By Astrid Hacker, Staff Writer
Published in print Sept. 10, 2014
The proposed natural gas pipeline, said to cost $5 billion and stretch from West Virginia to North Carolina, has produced an outrage among landowners along the Southeast region who fear that its presence could contaminate the waters while decreasing the value of their homes and deterring tourists. Duke Energy and Dominion Resources along with other partners have made plans to have this pipeline approved by the Federal Energy Regulatory Commission no later that 2016 and up and running by 2018.
The pipeline known as the Atlantic Coast Pipeline will stretch 550 miles. The purpose of this project is to do away with the use of coal, one of the most important fuels for electric power in the nation, in an effort to popularize the use of natural gas. In recent years the use of natural gas in the nation for electricity has increased due to the belief that it is affordable and cleaner for the atmosphere.
According to the Greensboro News and Record, “Utilities prefer having diverse sources of fuel to reduce shortages and price spikes that can arise in terms of high demand, such as hot summers or cold winters.” It was also stated that the “demand for natural gas for electric power generation, heating and manufacturing is expected to continue to rise.”

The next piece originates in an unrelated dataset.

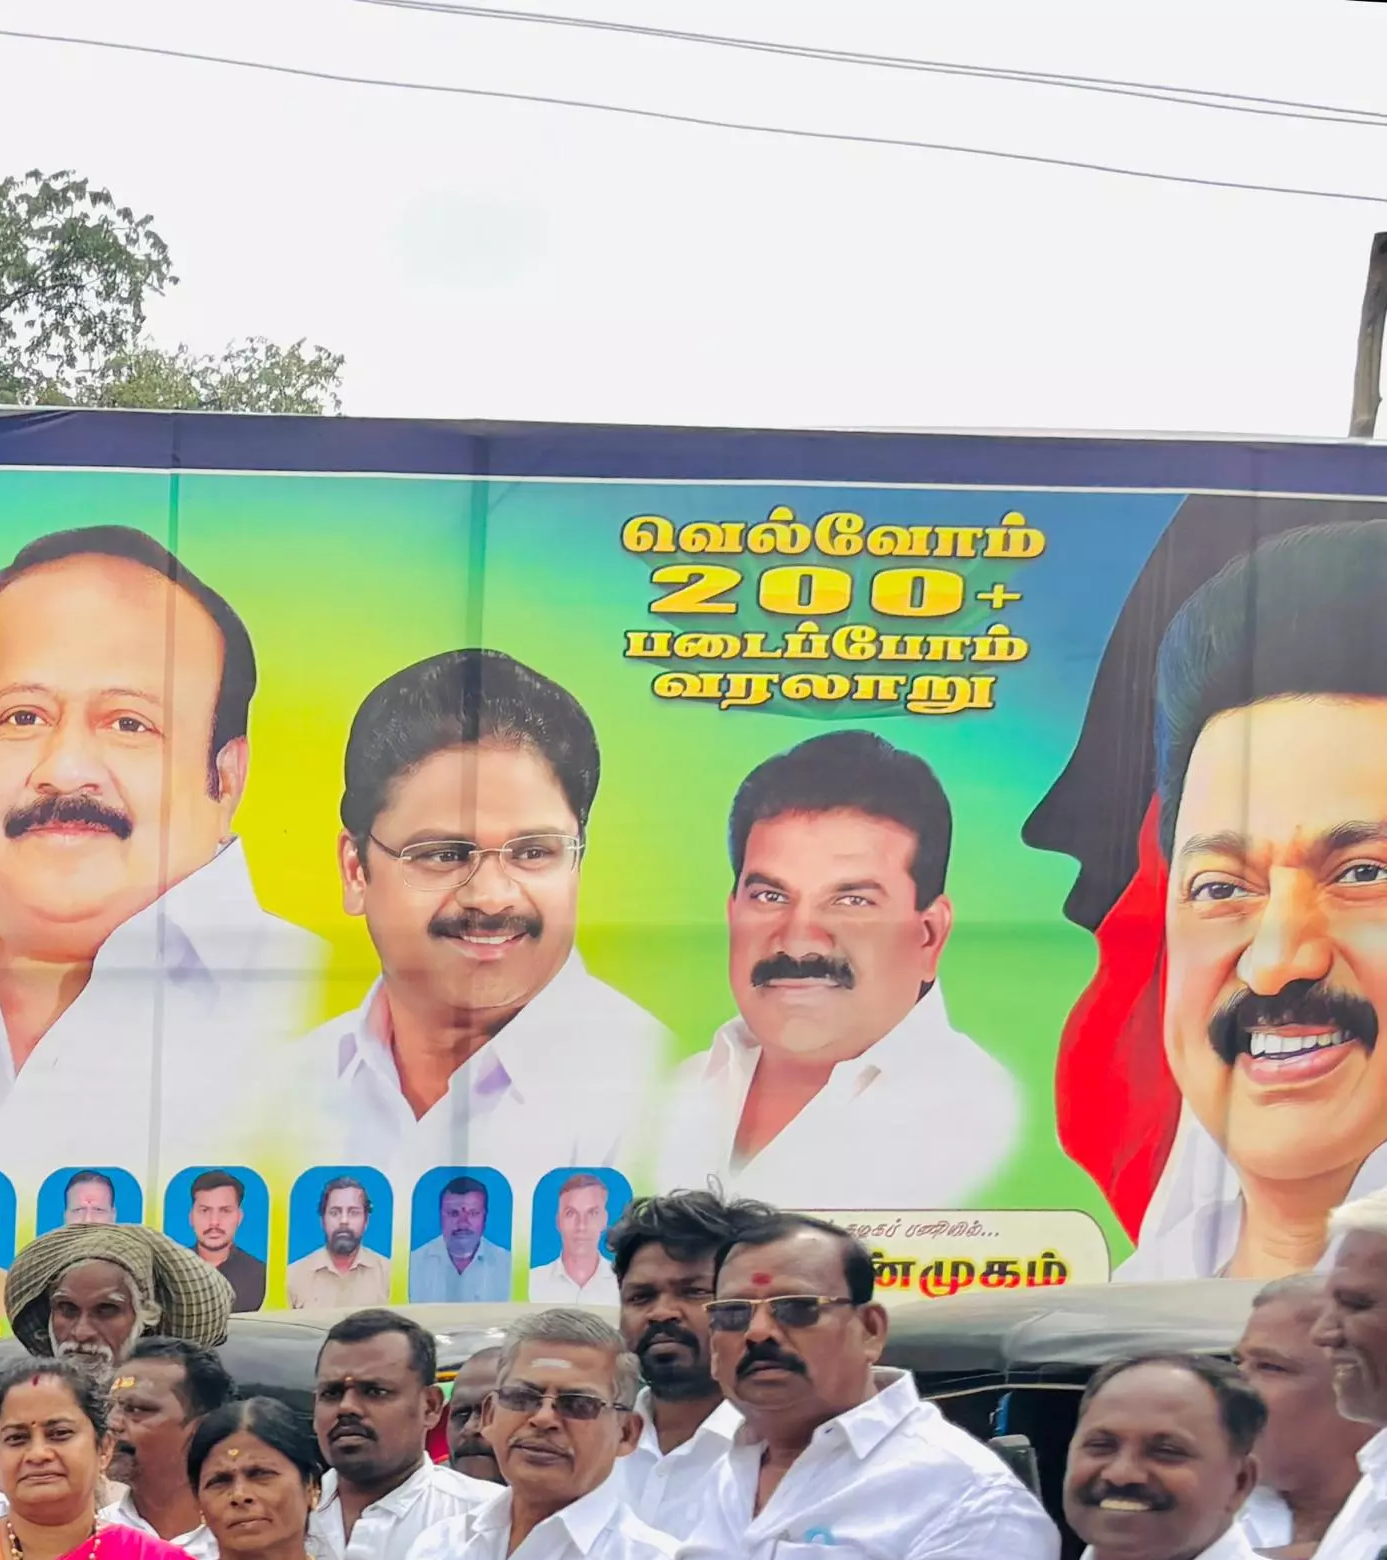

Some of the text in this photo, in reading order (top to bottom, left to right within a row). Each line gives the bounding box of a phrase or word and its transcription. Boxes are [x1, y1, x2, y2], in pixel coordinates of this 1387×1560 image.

[621, 506, 1046, 558] வெல்வோம்
[649, 563, 1023, 617] 200+
[624, 621, 1029, 662] படைப்போம்
[652, 671, 997, 714] வரலாறு

The regulations that have been placed on clean air and clean water are said to make the future burning of coal nearly impossible. Part of this is due to the fact that natural gas doesn’t give off nearly the amount of toxins as coal and emits half the amount of carbon dioxide, which is said to have a direct correlation to the climate change.

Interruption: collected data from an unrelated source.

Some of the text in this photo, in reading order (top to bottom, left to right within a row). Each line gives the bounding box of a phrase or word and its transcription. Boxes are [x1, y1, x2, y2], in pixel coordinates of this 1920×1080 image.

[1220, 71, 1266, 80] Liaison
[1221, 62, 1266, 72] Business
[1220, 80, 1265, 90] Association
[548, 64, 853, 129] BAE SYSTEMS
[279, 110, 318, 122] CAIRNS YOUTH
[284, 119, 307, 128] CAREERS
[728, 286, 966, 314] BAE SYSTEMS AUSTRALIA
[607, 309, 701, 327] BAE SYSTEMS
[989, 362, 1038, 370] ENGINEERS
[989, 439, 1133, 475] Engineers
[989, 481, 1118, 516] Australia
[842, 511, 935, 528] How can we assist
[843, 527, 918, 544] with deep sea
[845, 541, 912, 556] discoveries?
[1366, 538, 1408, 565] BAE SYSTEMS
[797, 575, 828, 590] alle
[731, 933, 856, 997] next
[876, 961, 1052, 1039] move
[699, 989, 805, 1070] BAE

Dr. William Markham, a professor in the Environmental Studies department, was unavailable for an interview however; he did mention that though he was not well versed on the subject as he is about “the fracking dispute or the coal ash spill in NC”, he had seen signs addressing the coming pipeline on a Virginia hiking trip.

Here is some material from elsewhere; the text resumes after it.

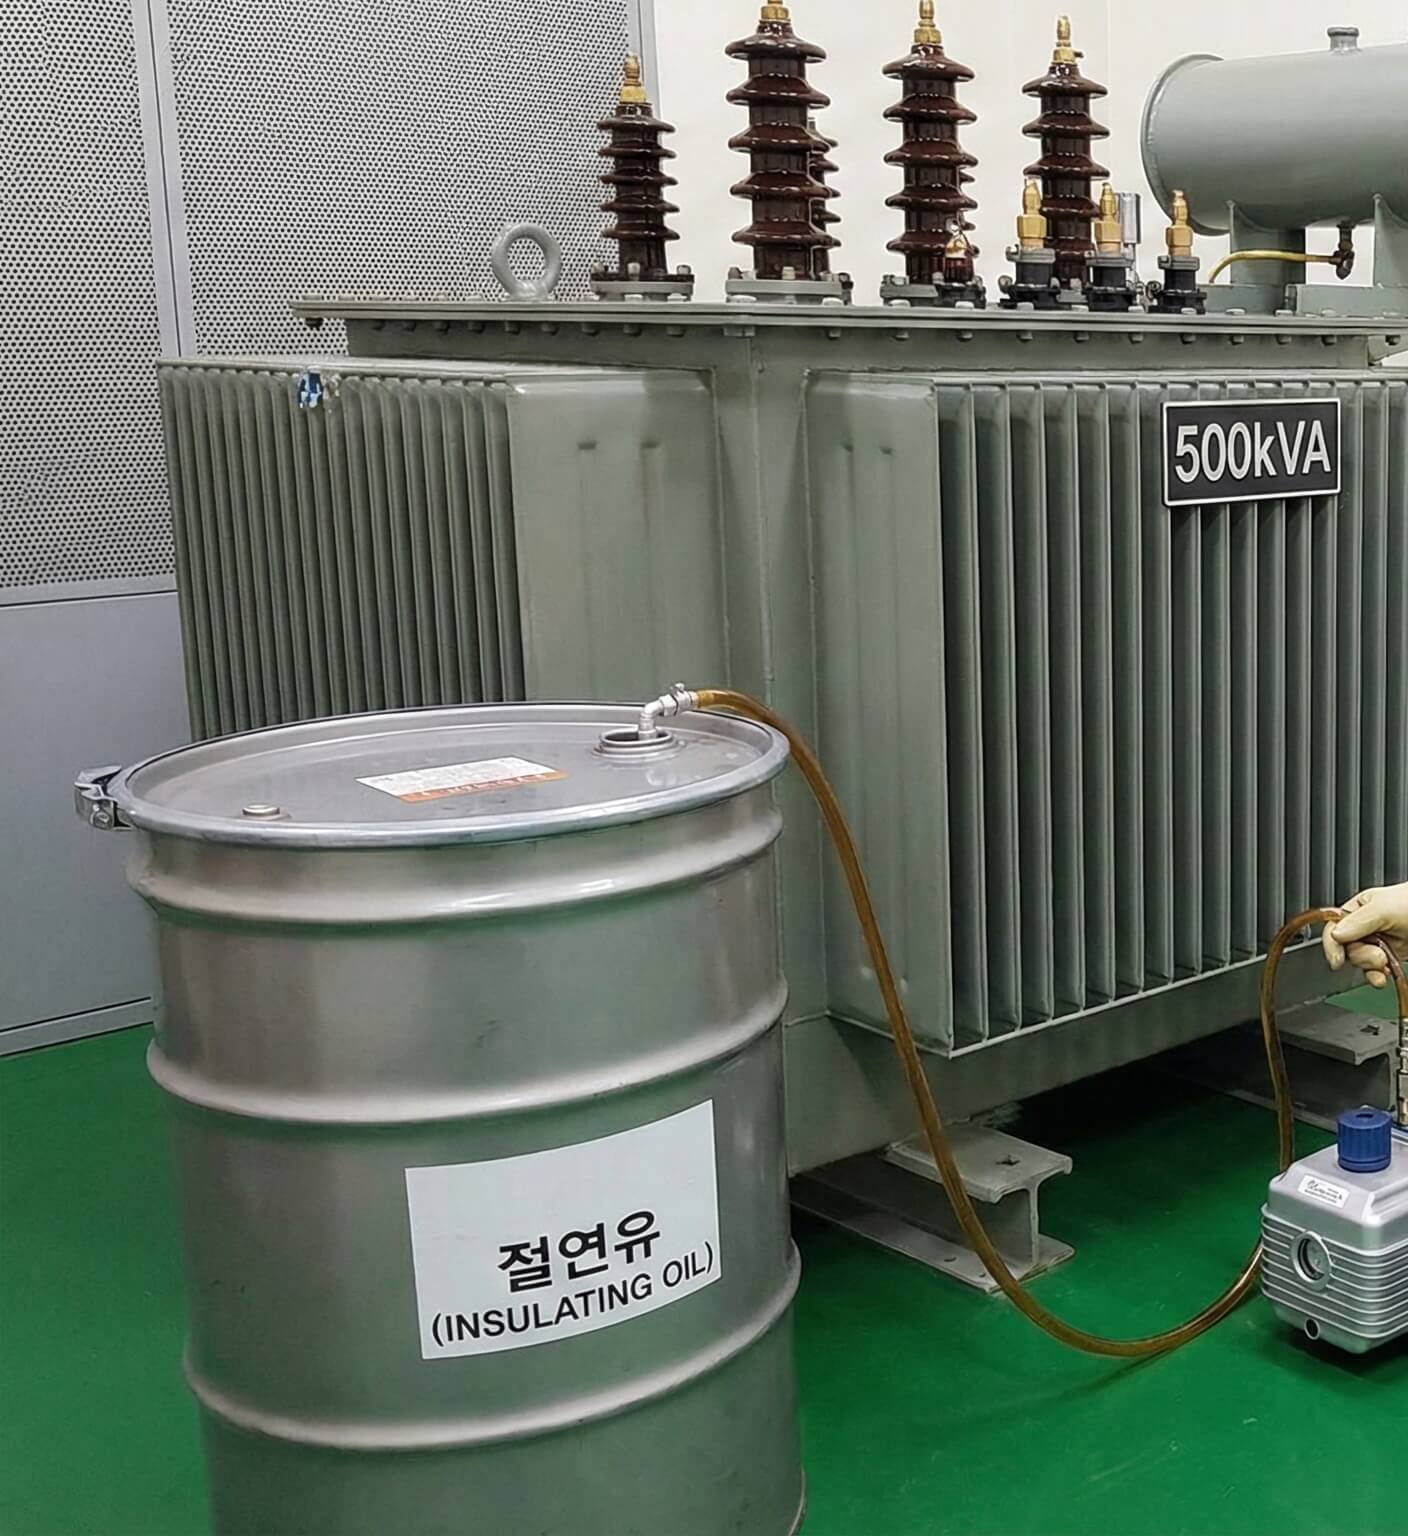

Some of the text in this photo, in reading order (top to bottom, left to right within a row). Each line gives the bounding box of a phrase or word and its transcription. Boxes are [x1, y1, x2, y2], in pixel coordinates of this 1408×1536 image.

[1175, 420, 1331, 483] 500kVA
[498, 1210, 660, 1292] 절연유
[432, 1241, 713, 1347] (INSULATING OIL)

Even with proposed benefits that will come from using natural gas to power the nations energy, not unlike most things beneficial, natural gas comes with its own set of issues. As previously mentioned, natural gas gives off less carbon dioxide. However, as reported in the News and Record, when leaked or “otherwise released directly into the atmosphere it heats the planet much faster than carbon dioxide.” In addition to this problem “the drilling technique that has led to increased U.S. supplies, called fracking, has raised concerns about water use, water contamination and other issues.”
The laying of this pipeline has spiked both protest and praise, which mirror the pros and cons of increased natural gas usage.